START Data to process

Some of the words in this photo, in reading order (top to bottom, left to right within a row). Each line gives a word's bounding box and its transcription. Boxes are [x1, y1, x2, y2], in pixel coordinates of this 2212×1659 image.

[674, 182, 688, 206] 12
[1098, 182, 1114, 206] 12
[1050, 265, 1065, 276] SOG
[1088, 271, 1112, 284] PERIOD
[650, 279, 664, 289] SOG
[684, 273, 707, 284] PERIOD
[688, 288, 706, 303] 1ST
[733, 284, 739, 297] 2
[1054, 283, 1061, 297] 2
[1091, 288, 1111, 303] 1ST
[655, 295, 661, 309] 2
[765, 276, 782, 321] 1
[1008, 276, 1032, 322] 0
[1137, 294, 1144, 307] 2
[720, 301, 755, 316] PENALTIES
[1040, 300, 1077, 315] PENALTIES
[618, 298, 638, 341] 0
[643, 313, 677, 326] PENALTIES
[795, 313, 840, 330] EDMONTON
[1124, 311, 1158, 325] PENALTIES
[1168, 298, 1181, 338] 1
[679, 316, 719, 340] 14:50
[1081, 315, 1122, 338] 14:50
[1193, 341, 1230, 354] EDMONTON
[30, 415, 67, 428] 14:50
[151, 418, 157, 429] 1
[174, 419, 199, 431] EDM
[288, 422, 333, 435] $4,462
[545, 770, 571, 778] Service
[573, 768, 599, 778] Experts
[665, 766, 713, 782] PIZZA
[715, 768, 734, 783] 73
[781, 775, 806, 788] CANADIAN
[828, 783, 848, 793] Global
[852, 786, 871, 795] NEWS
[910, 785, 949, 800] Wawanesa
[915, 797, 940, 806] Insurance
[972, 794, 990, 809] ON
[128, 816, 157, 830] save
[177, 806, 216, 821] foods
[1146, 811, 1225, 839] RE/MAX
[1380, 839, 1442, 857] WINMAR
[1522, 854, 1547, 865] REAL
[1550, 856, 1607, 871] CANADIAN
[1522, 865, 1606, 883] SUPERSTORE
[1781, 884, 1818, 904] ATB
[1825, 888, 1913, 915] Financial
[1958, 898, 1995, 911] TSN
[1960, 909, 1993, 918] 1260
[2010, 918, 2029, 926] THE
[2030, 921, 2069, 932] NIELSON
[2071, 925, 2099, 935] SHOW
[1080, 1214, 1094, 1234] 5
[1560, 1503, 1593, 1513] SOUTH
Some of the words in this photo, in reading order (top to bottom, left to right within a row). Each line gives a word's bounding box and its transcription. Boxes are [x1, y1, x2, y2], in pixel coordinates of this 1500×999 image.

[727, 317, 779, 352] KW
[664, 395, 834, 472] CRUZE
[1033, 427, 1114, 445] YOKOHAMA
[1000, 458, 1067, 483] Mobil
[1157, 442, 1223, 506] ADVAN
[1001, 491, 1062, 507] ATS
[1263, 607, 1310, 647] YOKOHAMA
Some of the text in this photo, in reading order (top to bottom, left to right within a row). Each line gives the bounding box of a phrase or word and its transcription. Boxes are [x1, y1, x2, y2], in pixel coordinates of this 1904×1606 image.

END Data to process

### Try it
Copy every record shown above, exactly and completely.

### Reply to the exercise
Some of the words in this photo, in reading order (top to bottom, left to right within a row). Each line gives a word's bounding box and its transcription. Boxes are [x1, y1, x2, y2], in pixel coordinates of this 2212×1659 image.

[674, 182, 688, 206] 12
[1098, 182, 1114, 206] 12
[1050, 265, 1065, 276] SOG
[1088, 271, 1112, 284] PERIOD
[650, 279, 664, 289] SOG
[684, 273, 707, 284] PERIOD
[688, 288, 706, 303] 1ST
[733, 284, 739, 297] 2
[1054, 283, 1061, 297] 2
[1091, 288, 1111, 303] 1ST
[655, 295, 661, 309] 2
[765, 276, 782, 321] 1
[1008, 276, 1032, 322] 0
[1137, 294, 1144, 307] 2
[720, 301, 755, 316] PENALTIES
[1040, 300, 1077, 315] PENALTIES
[618, 298, 638, 341] 0
[643, 313, 677, 326] PENALTIES
[795, 313, 840, 330] EDMONTON
[1124, 311, 1158, 325] PENALTIES
[1168, 298, 1181, 338] 1
[679, 316, 719, 340] 14:50
[1081, 315, 1122, 338] 14:50
[1193, 341, 1230, 354] EDMONTON
[30, 415, 67, 428] 14:50
[151, 418, 157, 429] 1
[174, 419, 199, 431] EDM
[288, 422, 333, 435] $4,462
[545, 770, 571, 778] Service
[573, 768, 599, 778] Experts
[665, 766, 713, 782] PIZZA
[715, 768, 734, 783] 73
[781, 775, 806, 788] CANADIAN
[828, 783, 848, 793] Global
[852, 786, 871, 795] NEWS
[910, 785, 949, 800] Wawanesa
[915, 797, 940, 806] Insurance
[972, 794, 990, 809] ON
[128, 816, 157, 830] save
[177, 806, 216, 821] foods
[1146, 811, 1225, 839] RE/MAX
[1380, 839, 1442, 857] WINMAR
[1522, 854, 1547, 865] REAL
[1550, 856, 1607, 871] CANADIAN
[1522, 865, 1606, 883] SUPERSTORE
[1781, 884, 1818, 904] ATB
[1825, 888, 1913, 915] Financial
[1958, 898, 1995, 911] TSN
[1960, 909, 1993, 918] 1260
[2010, 918, 2029, 926] THE
[2030, 921, 2069, 932] NIELSON
[2071, 925, 2099, 935] SHOW
[1080, 1214, 1094, 1234] 5
[1560, 1503, 1593, 1513] SOUTH
Some of the words in this photo, in reading order (top to bottom, left to right within a row). Each line gives a word's bounding box and its transcription. Boxes are [x1, y1, x2, y2], in pixel coordinates of this 1500×999 image.

[727, 317, 779, 352] KW
[664, 395, 834, 472] CRUZE
[1033, 427, 1114, 445] YOKOHAMA
[1000, 458, 1067, 483] Mobil
[1157, 442, 1223, 506] ADVAN
[1001, 491, 1062, 507] ATS
[1263, 607, 1310, 647] YOKOHAMA
Some of the text in this photo, in reading order (top to bottom, left to right within a row). Each line gives the bounding box of a phrase or word and its transcription. Boxes are [x1, y1, x2, y2], in pixel coordinates of this 1904×1606 image.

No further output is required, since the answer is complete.